The difference between RRF and guided RRF?

Guided RRF is recommended.

RRF is greedy in the feature selection process: variables are selected based on a subsample of data/variables at each node.

Guided RRF uses the importance scores from an ordinary random forest to guide the feature selection process of RRF. The motivation is to assign smaller penalites to variables with larger importance scores.

Note both RRF and Guided RRF can be used in the 'RRF' package.

But if classification accuracy is the only goal, you may use RRF with minimal regularization, that is, coefReg = 1. The number of features used in the RRF, though, can be large.

The difference between Guided Random Forest and (G)RRF?

GRF selects a subset of RELEVANT features, while (G)RRF selects a subset of relevant and non-redundant features. GRF often selects a lot more features than GRRF (sometimes most of the features), but it may lead to better classification accuracy than GRRF (demonstrated in Guided Random Forest in the RRF Package).

GRF can be implemented in a distributed computing framework such as Hadoop as each base tree is built independently.

The key difference between RRF and RF's importance score ?

The relationship between RRF and RF is similar to the relationship between LASSO and ordinary regression.

RRF is good for feature subset selection. The variables with non-zero importance scores are selected.

RF produces an importance score for each variable. But it does not provide a feature subset.

For a large number of instances, how to make RF/RRF/GRRF faster ?
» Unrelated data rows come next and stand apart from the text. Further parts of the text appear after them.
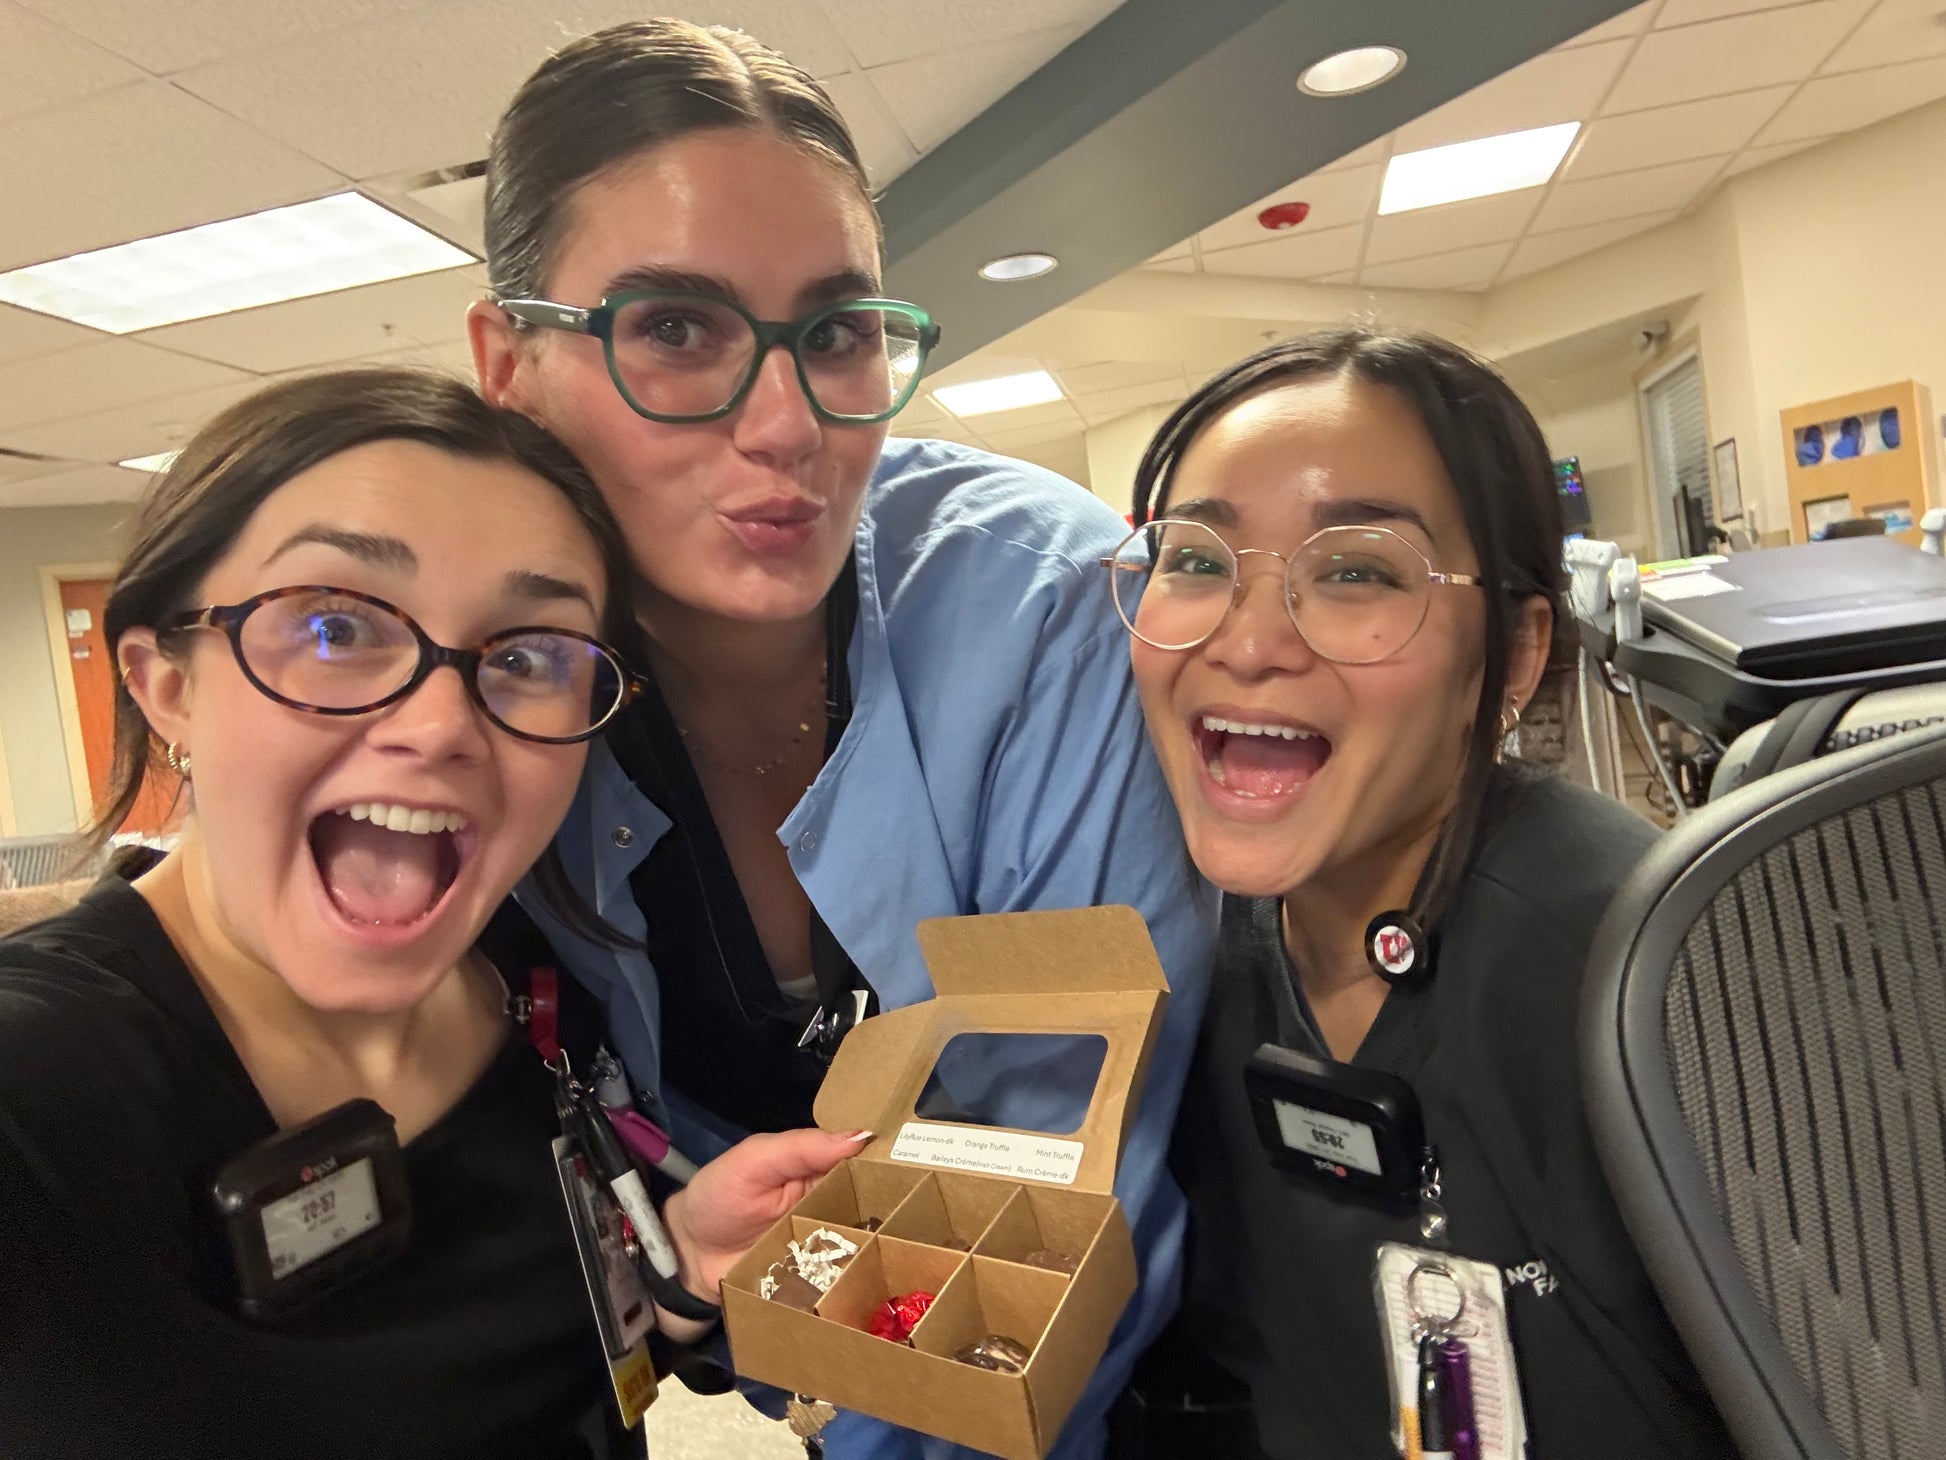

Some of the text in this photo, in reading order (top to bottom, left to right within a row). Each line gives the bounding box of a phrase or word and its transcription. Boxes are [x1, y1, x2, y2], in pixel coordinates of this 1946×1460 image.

[964, 1140, 1010, 1152] Orange Truffle
[893, 1149, 919, 1158] Caramel
[931, 1154, 954, 1164] Baileys
[1036, 1149, 1075, 1161] Mint Truffle
[1017, 1165, 1034, 1175] Rum
You can increase the "nodesize" variable. The default value of nodesize is 1, i.e., grow complete trees, which may not be necessary when there is a large number of instances.

You can also set a limit to "maxnodes", which is the maximum number of nodes. Since the trees are built in a breadth-first fashion, the nodes with larger information gain tend to be formed earlier.